Arianna Ravelli, Corriere della Sera 6/2/2014, 6 febbraio 2014
VILLAGGIO E SANGUINETI AMABILI CONVERSAZIONI
La barba di Tatti Sanguineti intervista la barba di Paolo Villaggio: un savonese comico involontario parla di cinema con un genovese «comico applicato» (così si autodefinisce Villaggio, quasi dispiacendosi di non appartenere ai «comici nati»; certo il genovese ha il «risu reu», la risata misurata). Non solo cinema: ma anche letteratura (gli autori che Villaggio ama di più sono Kafka e Dostoevskij, mica i best-seller della cultura pop), ma anche geografia, ma anche figure retoriche come l’anacoluto (Iris, martedì, ore 23).
Una precisazione: amo Paolo Villaggio, molto meno la maschera di Fantozzi. Villaggio mi piace perché è ribaldo e sregolato, perché riesce a non farsi mai mancare una punta di sana malignità (il «colonnello» Vittorio Gassman deve tutto a Monicelli…). Villaggio lo si riconosce bene nei suoi primi interventi televisivi, dove riusciva a prendere in giro le vestali dell’arte colta che non volevano sporcarsi le mani con la tv, meno in Fantozzi, una figura troppo «applicata».

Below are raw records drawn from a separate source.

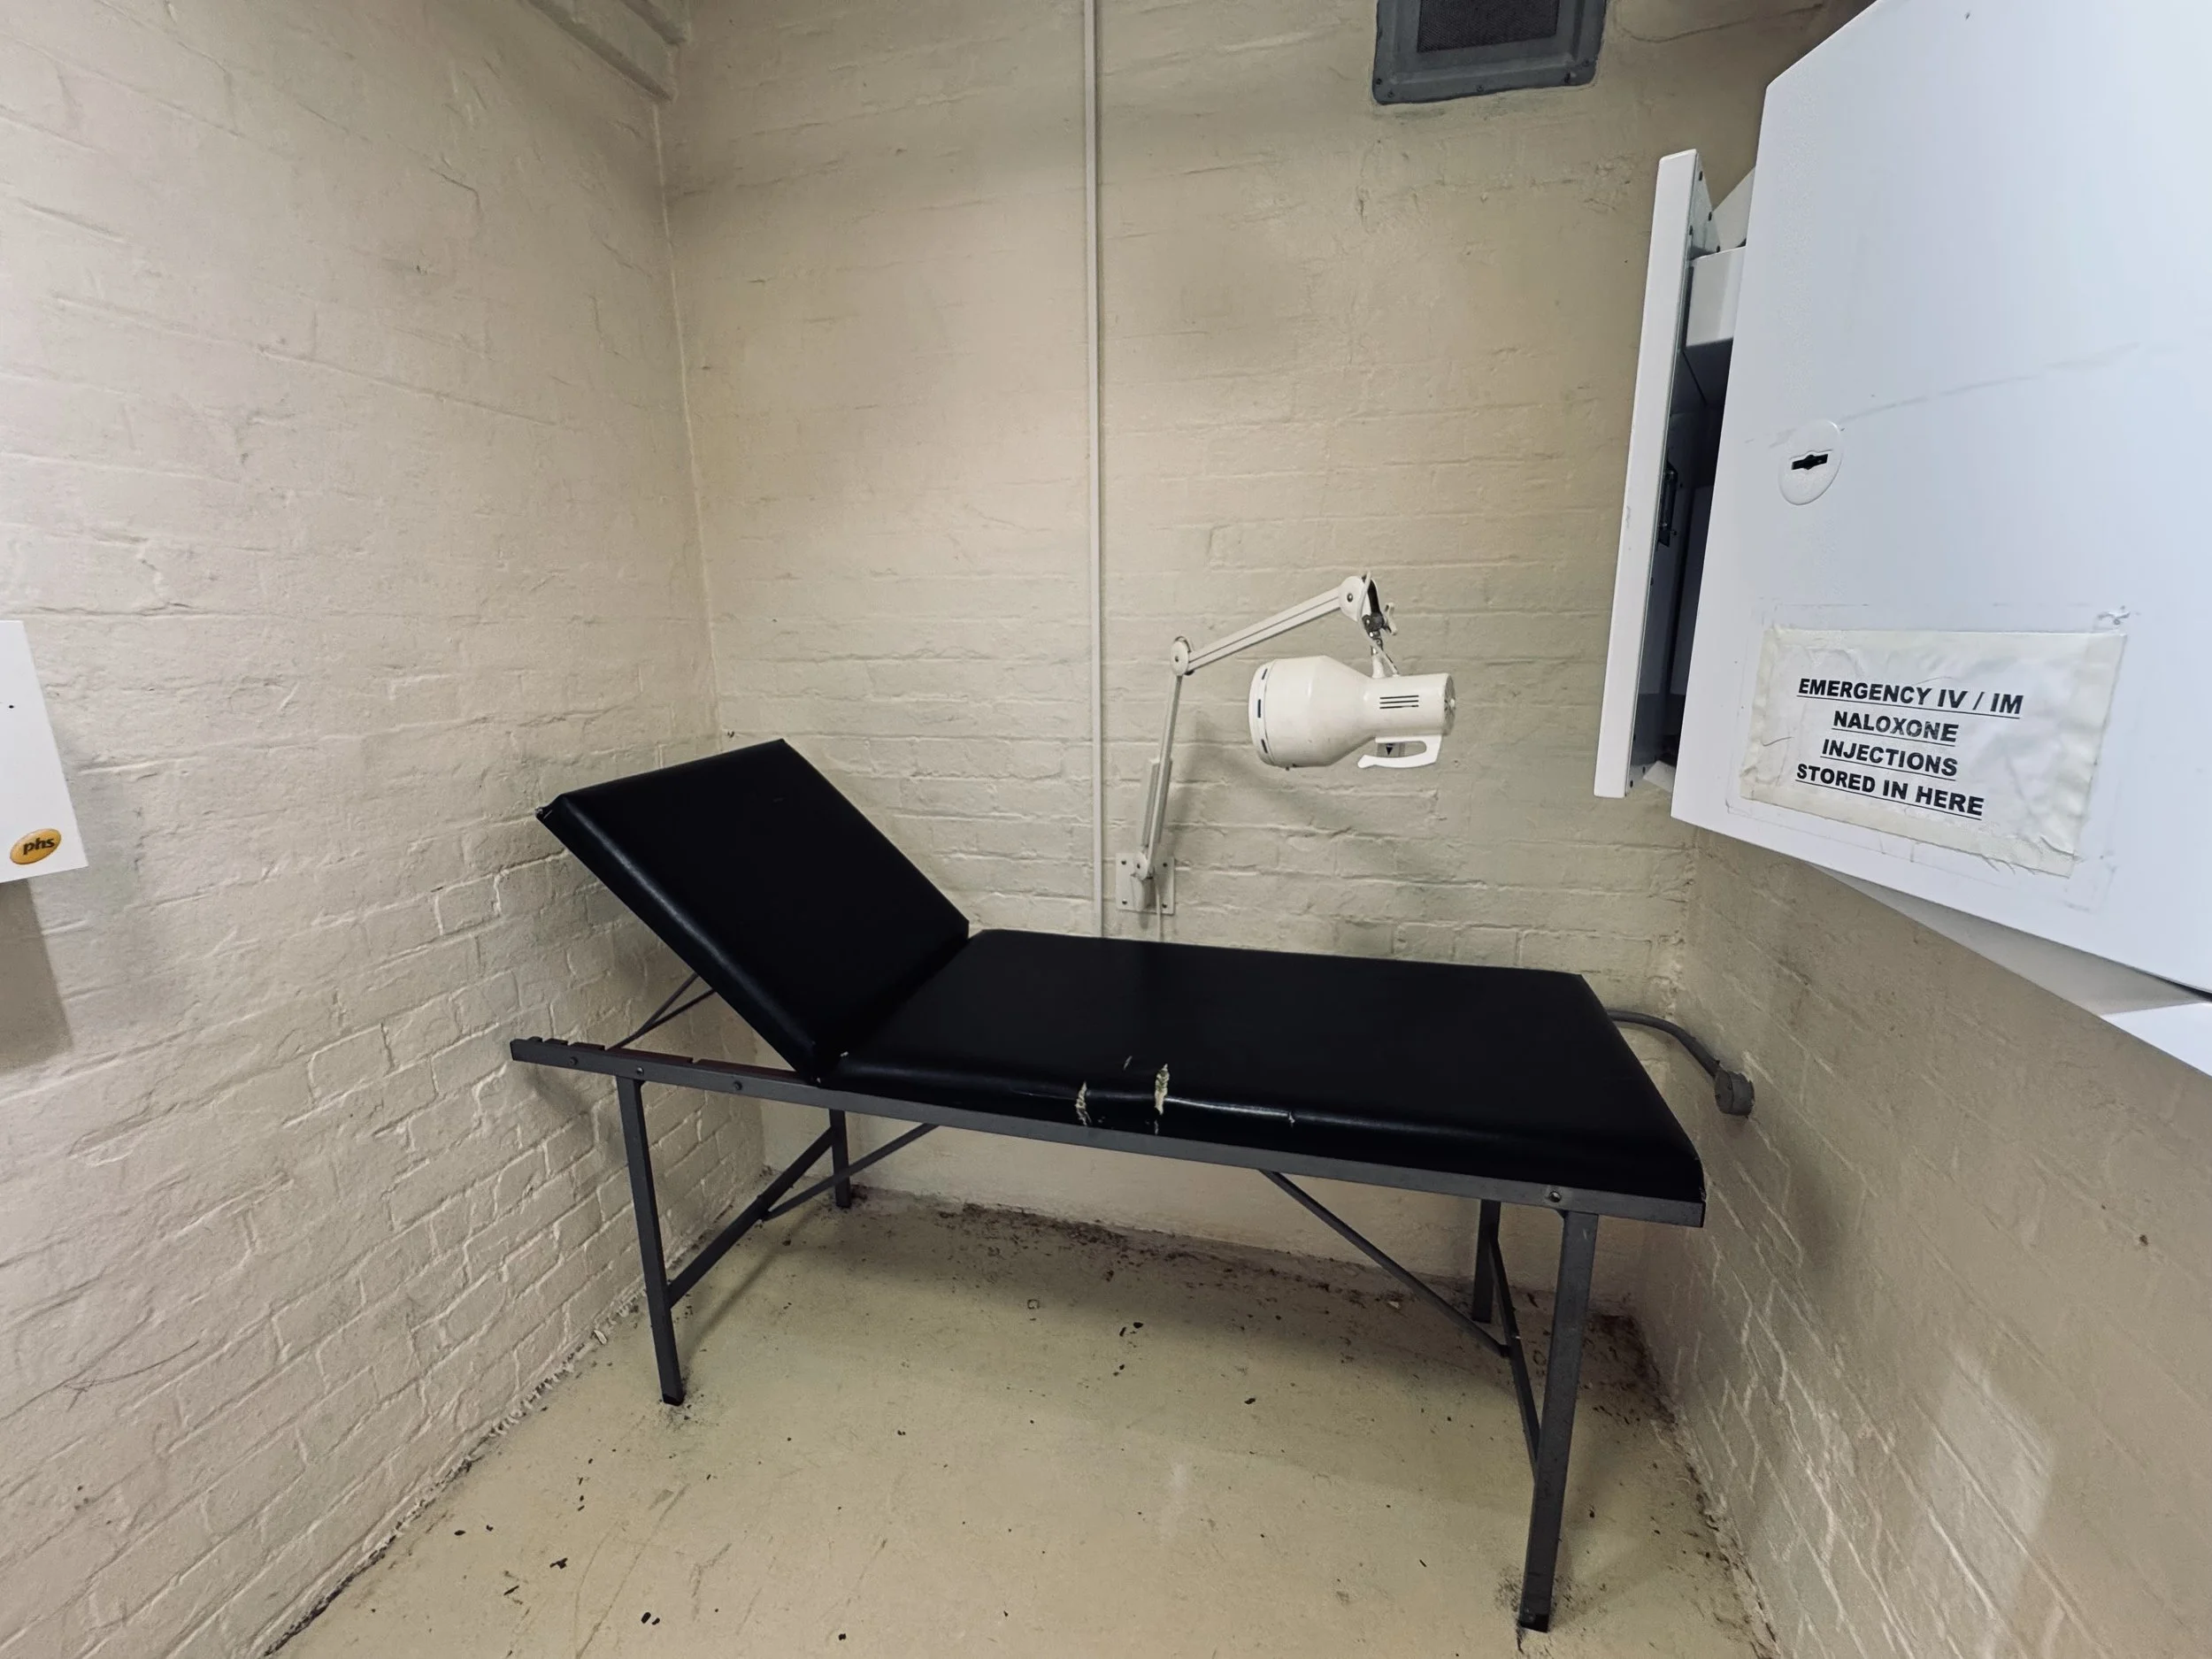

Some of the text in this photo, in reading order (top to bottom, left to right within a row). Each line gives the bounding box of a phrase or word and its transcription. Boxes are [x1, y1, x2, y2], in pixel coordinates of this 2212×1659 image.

[1798, 678, 1932, 705] EMERGENCY
[1938, 689, 1968, 709] IV
[1991, 694, 2024, 715] IM
[1833, 710, 1959, 742] NALOXONE
[1822, 739, 1958, 776] INJECTIONS
[1797, 764, 1984, 816] STORED IN HERE
[23, 837, 55, 856] phs

Fantozzi, in fondo, è troppo soddisfatto della sua malasorte per essere credibile: sa che la sua fama cresce in proporzione alla rogna e invece di sfidare le avversità si mette a corteggiarle, in una sorta di melenso autocompiacimento, di drammatizzato masochismo di riporto. Nessuna sfortuna gli resiste, nessuna iella gli è estranea, nessuna tentazione a soffrire lo lascia indifferente.

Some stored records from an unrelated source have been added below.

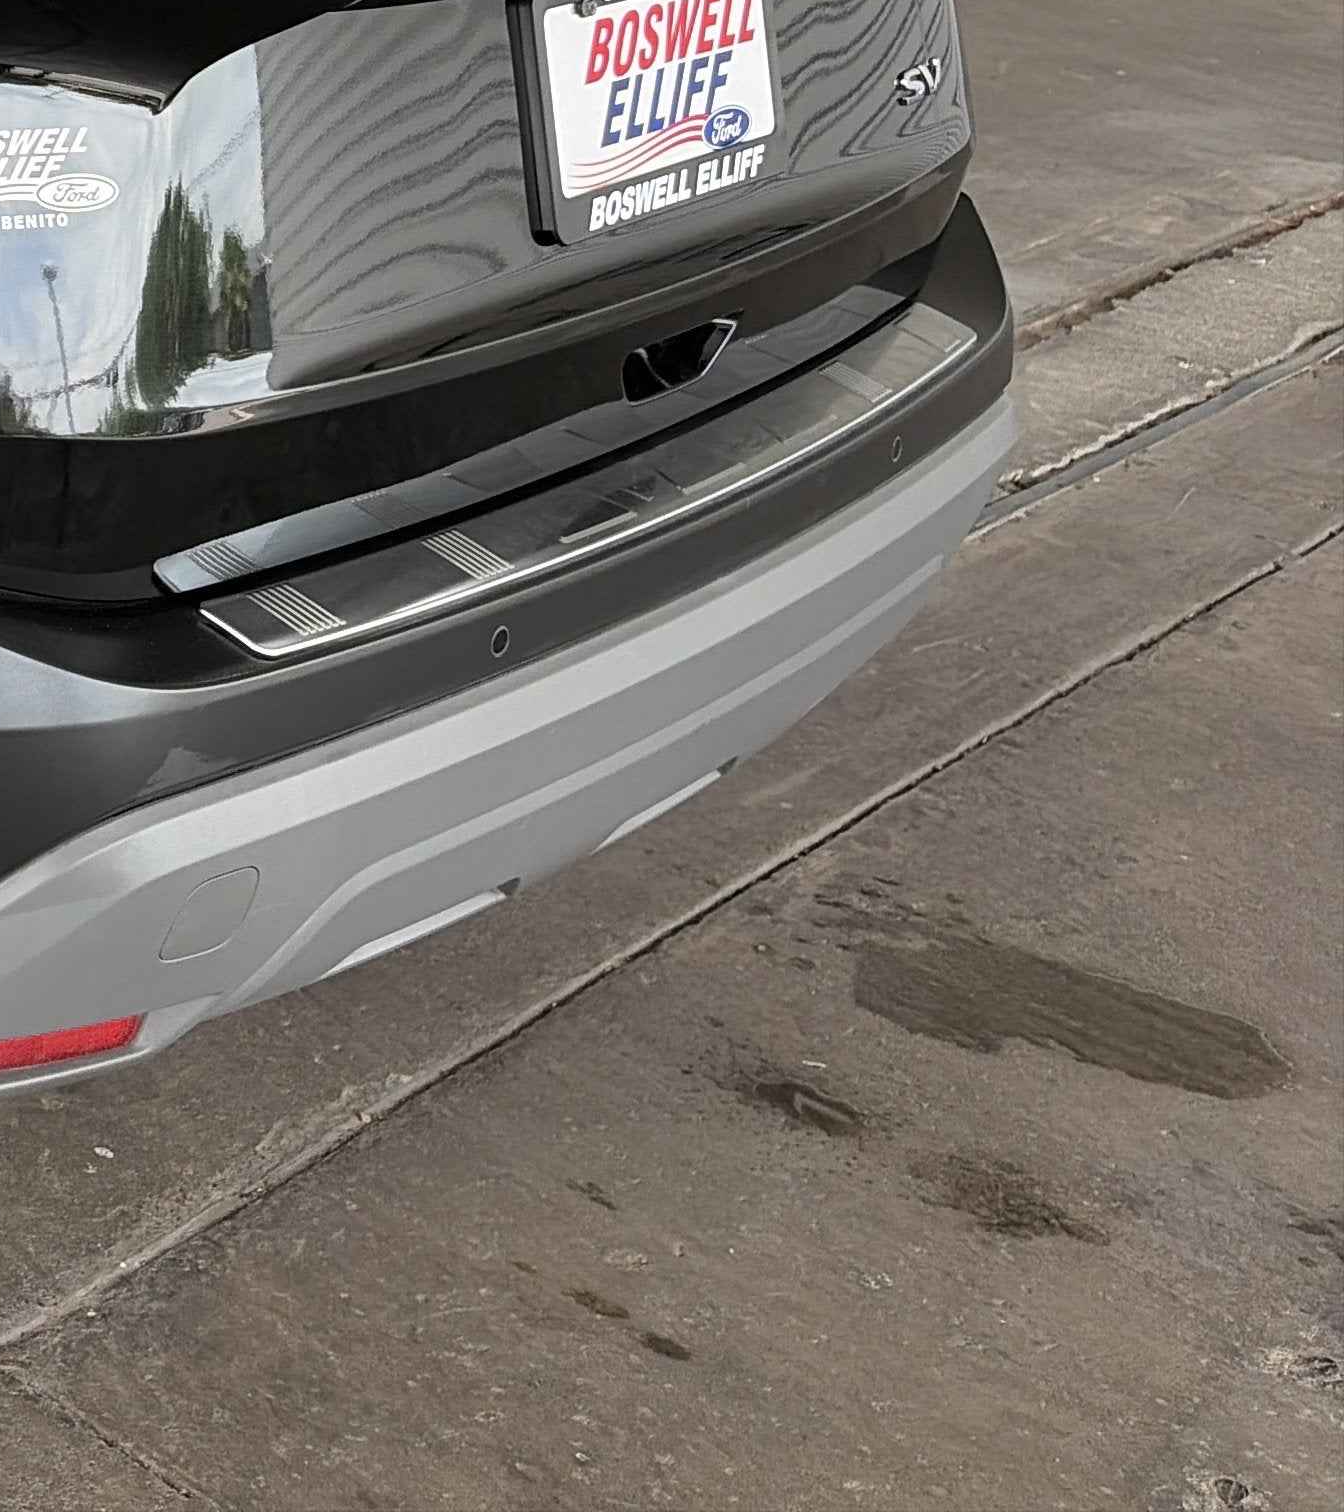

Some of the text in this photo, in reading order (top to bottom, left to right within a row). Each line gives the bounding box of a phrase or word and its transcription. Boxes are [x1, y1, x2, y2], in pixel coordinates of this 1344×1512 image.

[600, 50, 733, 148] ELLIFF
[895, 58, 941, 106] SV
[712, 112, 742, 144] Ford
[53, 183, 100, 203] Ford
[589, 144, 765, 232] BOSWELL ELLIFF
[1, 212, 69, 232] BENITO

La barba savonese di Sanguineti ama tutto del cinema, riesce a conquistare la benevolenza genovese della barba che gli sta di fronte (cosa rara). Così Villaggio si lancia sulla scuola napoletana («Peppino era meglio di Eduardo», verissimo!), su quella romana («Sordi interpreta alla perfezione il cinismo e la cattiveria dei romani, disposti a non perdonare nulla»), su Fellini, su Olmi. Una conversazione piacevole, indifferente agli smarrimenti sintattici dell’anacoluto.